L'intersection entre la photographie et la nature
Cette collection célèbre l'intersection profonde entre la photographie et la nature à travers deux procédés alternatifs anciens mais revitalisés : l'anthotype et l'impression à la chlorophylle. Ces techniques représentent un retour conscient à une création d'images respectueuse de l'environnement, éliminant la toxicité chimique et les déchets inhérents aux pratiques de laboratoire conventionnelles.
Le procédé de l'anthotype
Les anthotypes exploitent les propriétés photosensibles des pigments naturels extraits des pétales de fleurs, des baies, des légumes et des feuilles. L'émulsion est préparée en broyant des matières organiques, en les diluant avec de l'eau ou des huiles, et en enrobant du papier dans un environnement sombre. Une transparence positive est ensuite contact-imprimée à la lumière du soleil, où les rayons UV éclaircissent progressivement la surface pigmentée, révélant l'image au fil des jours ou des semaines. Le résultat est intrinsèquement éthéré — ce que l'on voit est ce que l'on obtient, sans besoin de fixation chimique. Cette imprévisibilité devient un atout ; la qualité délicate et onirique des anthotypes ne peut être reproduite par des moyens numériques.
Le procédé à la chlorophylle
L'impression à la chlorophylle utilise des feuilles vivantes comme papier photographique, en exploitant les pigments responsables de la photosynthèse. Une transparence positive à fort contraste est glissée contre la surface d'une feuille et exposée à la lumière du soleil, provoquant l'éclaircissement et l'estompage de la chlorophylle sous les zones claires. Le procédé est ensuite interrompu par une immersion dans de l'alcool et un bain de sulfate de cuivre — l'équivalent photographique d'un bain d'arrêt — empêchant tout développement ultérieur. Les images résultantes vont des silhouettes hantées aux détails nets, émergeant progressivement à travers la biologie naturelle de la feuille.
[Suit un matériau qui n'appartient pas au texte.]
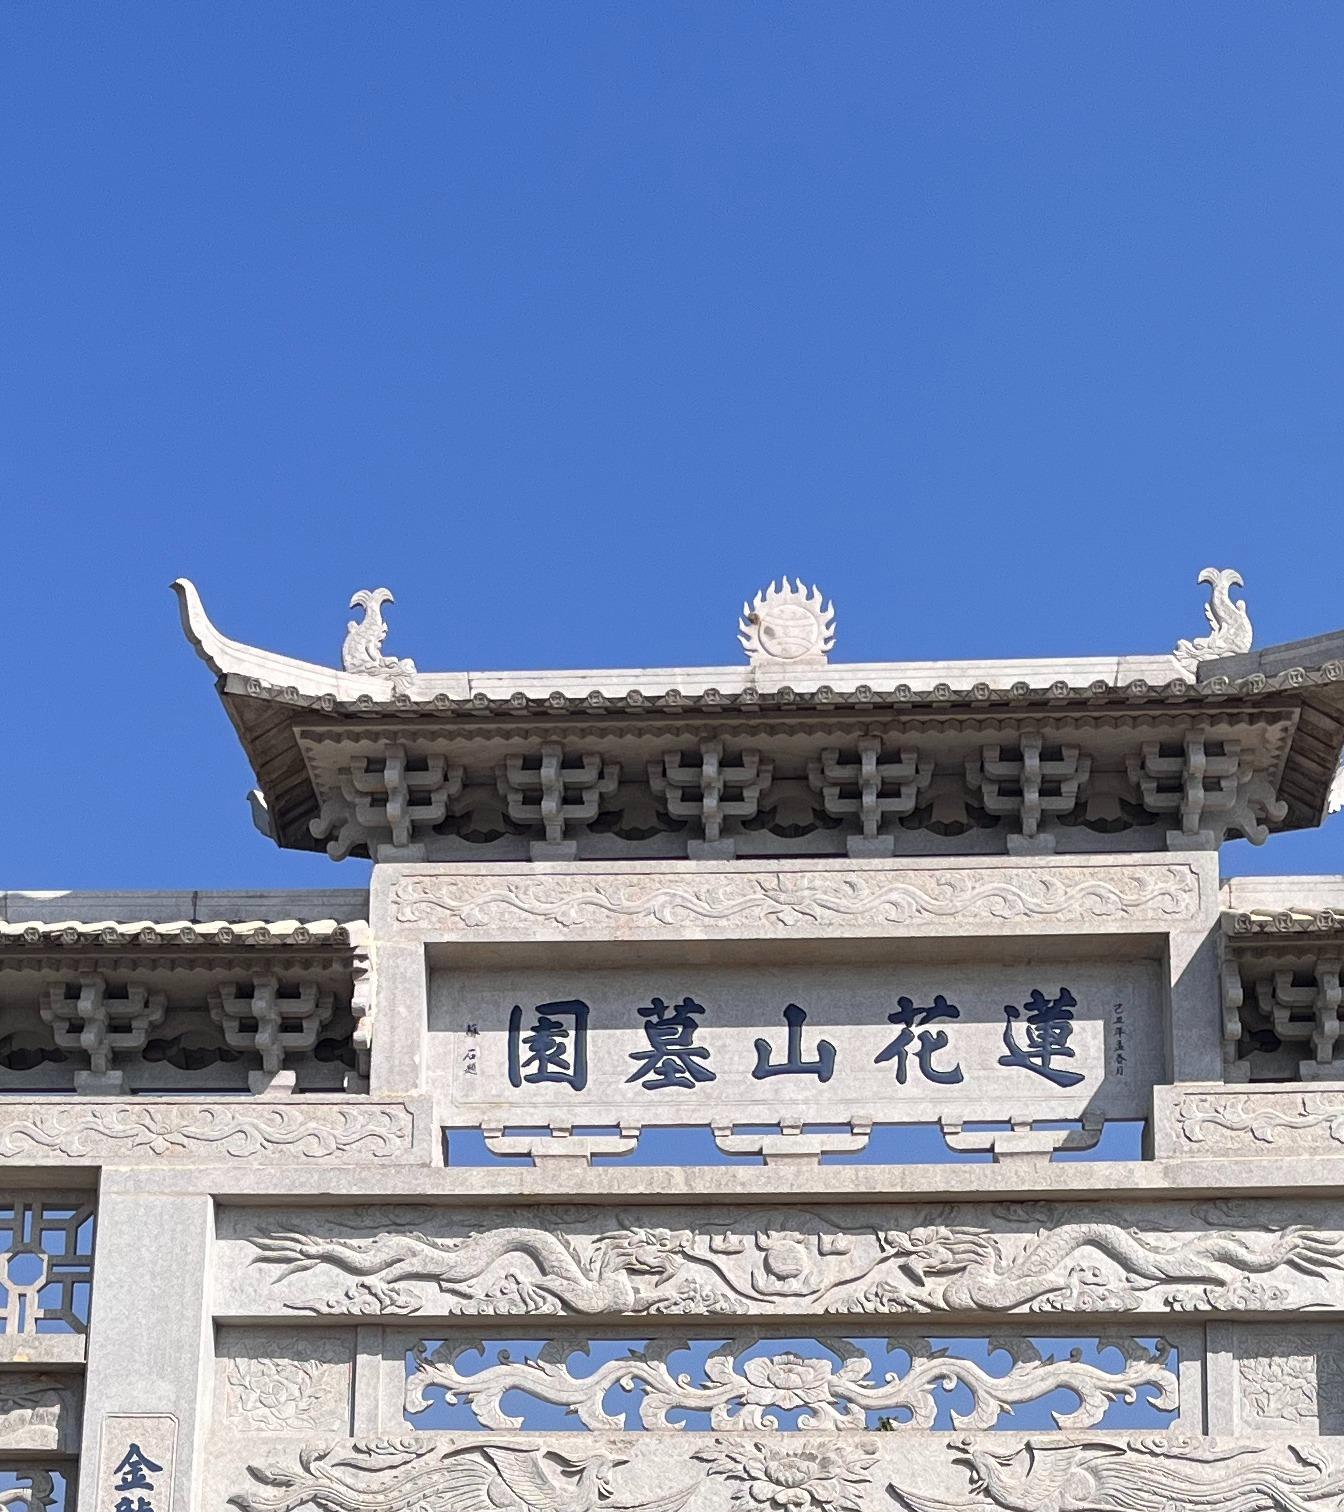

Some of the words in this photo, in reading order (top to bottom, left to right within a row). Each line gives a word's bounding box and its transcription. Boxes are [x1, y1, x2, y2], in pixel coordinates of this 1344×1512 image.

La nature comme médium et inspiration
Ces procédés incarnent une philosophie fondamentale : la nature elle-même peut être à la fois le matériau et le message. En travaillant directement avec des matières végétales vivantes et récoltées, le photographe devient un collaborateur avec les systèmes naturels plutôt qu’un manipulateur. Les sujets représentés dans cette collection — figures humaines, mains, un cheval et un héron — émergent à travers ce dialogue entre lumière, feuille et temps. Chaque image témoigne de l'acte lent et intentionnel d'observation que ces techniques demandent.
La valeur de l'expérimentation
L'anthotype et l'impression à la chlorophylle sont intrinsèquement expérimentales. Les résultats varient considérablement en fonction des espèces végétales, de la force de l'émulsion, de l'intensité de la lumière du soleil saisonnière et de la localisation géographique. Cette variabilité n'est pas une limitation mais une invitation : embrasser l'incertitude, apprendre de l'échec, et comprendre que la maîtrise réside non pas dans le contrôle mais dans la réactivité. À une époque de production d'images algorithmiques, ces procédés réaffirment la main de l'artiste et la beauté imprévisible de la création analogique.
En choisissant ces méthodes photographiques anciennes, ce travail affirme que la durabilité et l'intégrité artistique ne sont pas des valeurs concurrentes — elles sont une et la même.